## What needs to be done
Without any of their pictures, return all of the records exactly.

## Listed records

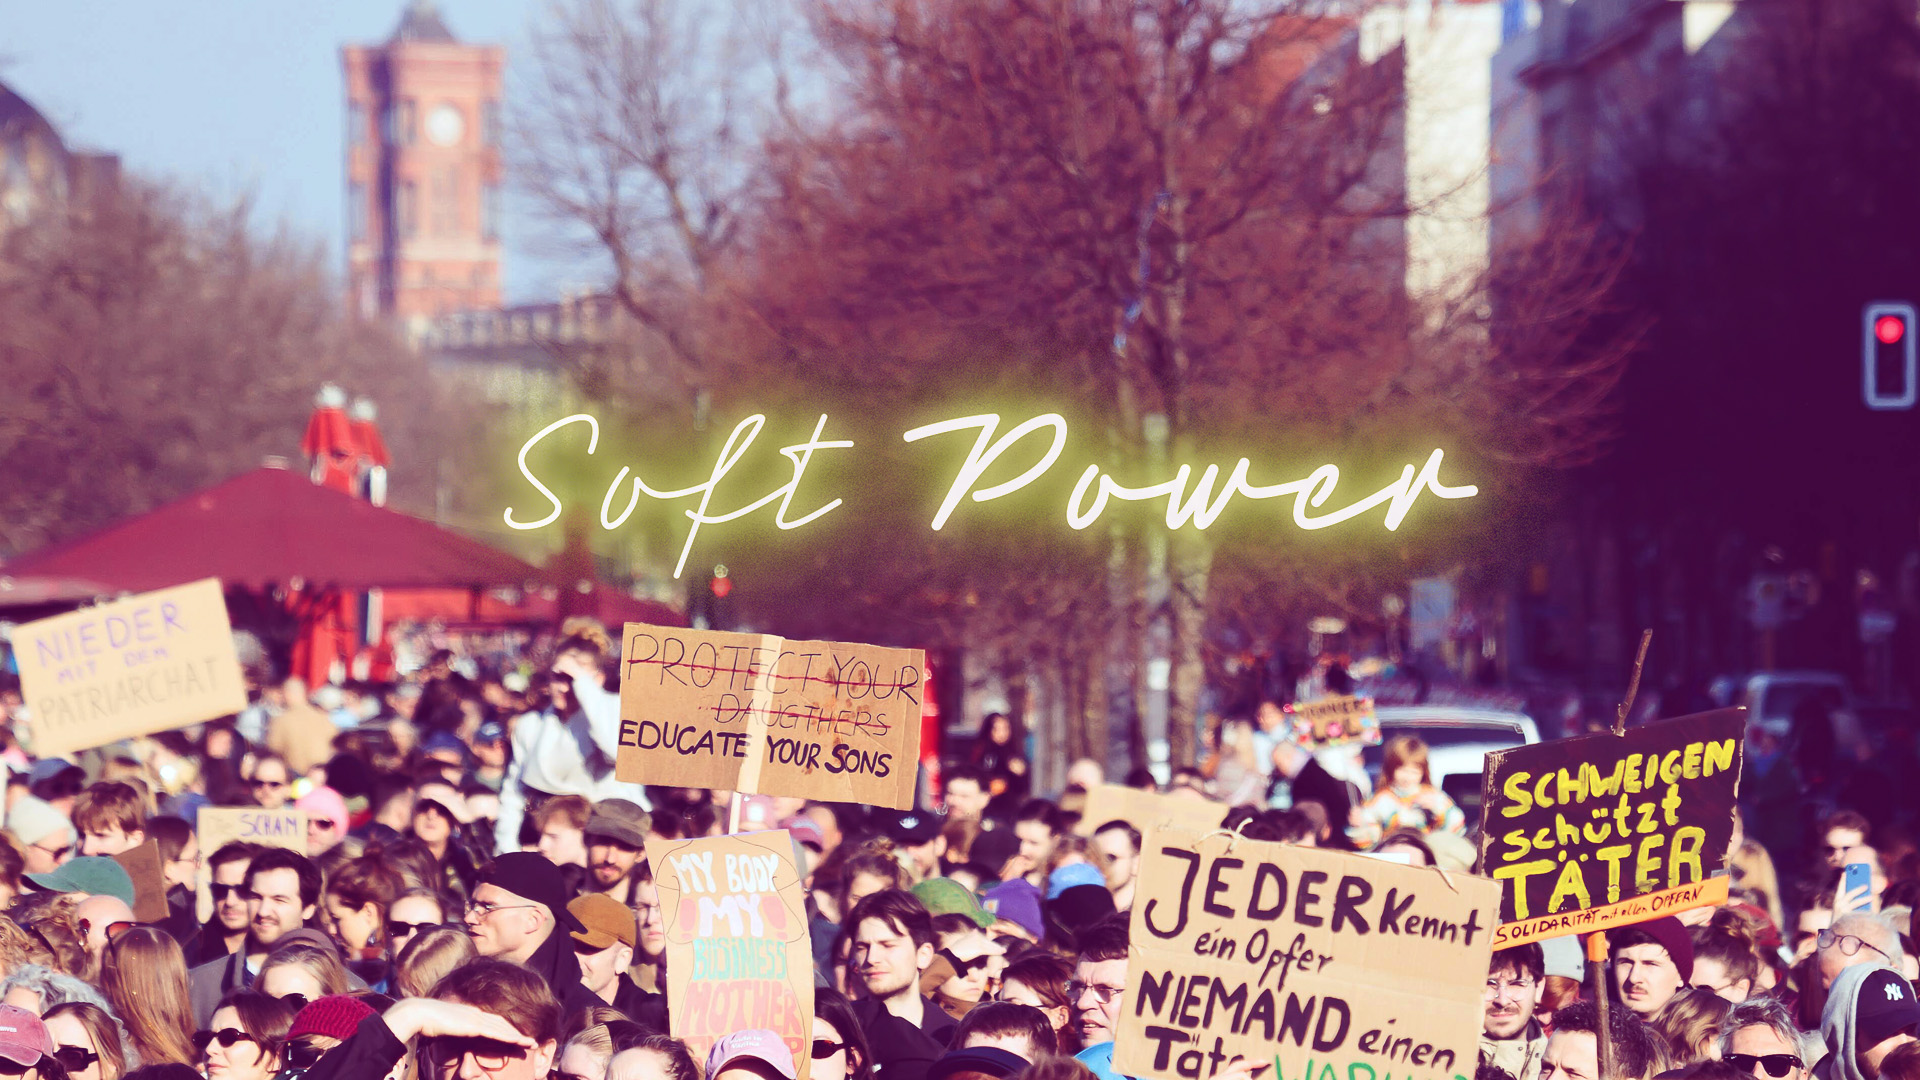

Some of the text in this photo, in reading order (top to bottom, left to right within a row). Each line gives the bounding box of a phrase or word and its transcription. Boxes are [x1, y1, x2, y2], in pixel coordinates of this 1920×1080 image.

[35, 602, 187, 667] NIEDER
[57, 646, 169, 685] MIT DEM
[38, 656, 218, 729] PATRIARCHAT
[628, 633, 919, 705] PROTECT YOUR
[714, 694, 889, 736] DAUGTHERS
[618, 720, 892, 778] EDUCATE YOUR SONS
[1501, 739, 1736, 818] SCHWEIGEN
[240, 814, 298, 837] SCHAM
[1502, 783, 1682, 862] schützt
[669, 851, 779, 894] MY BODY
[1144, 847, 1484, 946] JEDER Kennt
[1493, 826, 1706, 921] TÄTER
[1493, 909, 1600, 945] SOLIDARITÄT
[1601, 907, 1618, 921] mit
[1194, 926, 1335, 992] ein Opfer
[678, 979, 803, 1036] MOTHER
[1136, 970, 1456, 1073] NIEMAND einen
[1145, 1025, 1272, 1080] Tät

## Response
Some of the text in this photo, in reading order (top to bottom, left to right within a row). Each line gives the bounding box of a phrase or word and its transcription. Boxes are [x1, y1, x2, y2], in pixel coordinates of this 1920×1080 image.

[35, 602, 187, 667] NIEDER
[57, 646, 169, 685] MIT DEM
[38, 656, 218, 729] PATRIARCHAT
[628, 633, 919, 705] PROTECT YOUR
[714, 694, 889, 736] DAUGTHERS
[618, 720, 892, 778] EDUCATE YOUR SONS
[1501, 739, 1736, 818] SCHWEIGEN
[240, 814, 298, 837] SCHAM
[1502, 783, 1682, 862] schützt
[669, 851, 779, 894] MY BODY
[1144, 847, 1484, 946] JEDER Kennt
[1493, 826, 1706, 921] TÄTER
[1493, 909, 1600, 945] SOLIDARITÄT
[1601, 907, 1618, 921] mit
[1194, 926, 1335, 992] ein Opfer
[678, 979, 803, 1036] MOTHER
[1136, 970, 1456, 1073] NIEMAND einen
[1145, 1025, 1272, 1080] Tät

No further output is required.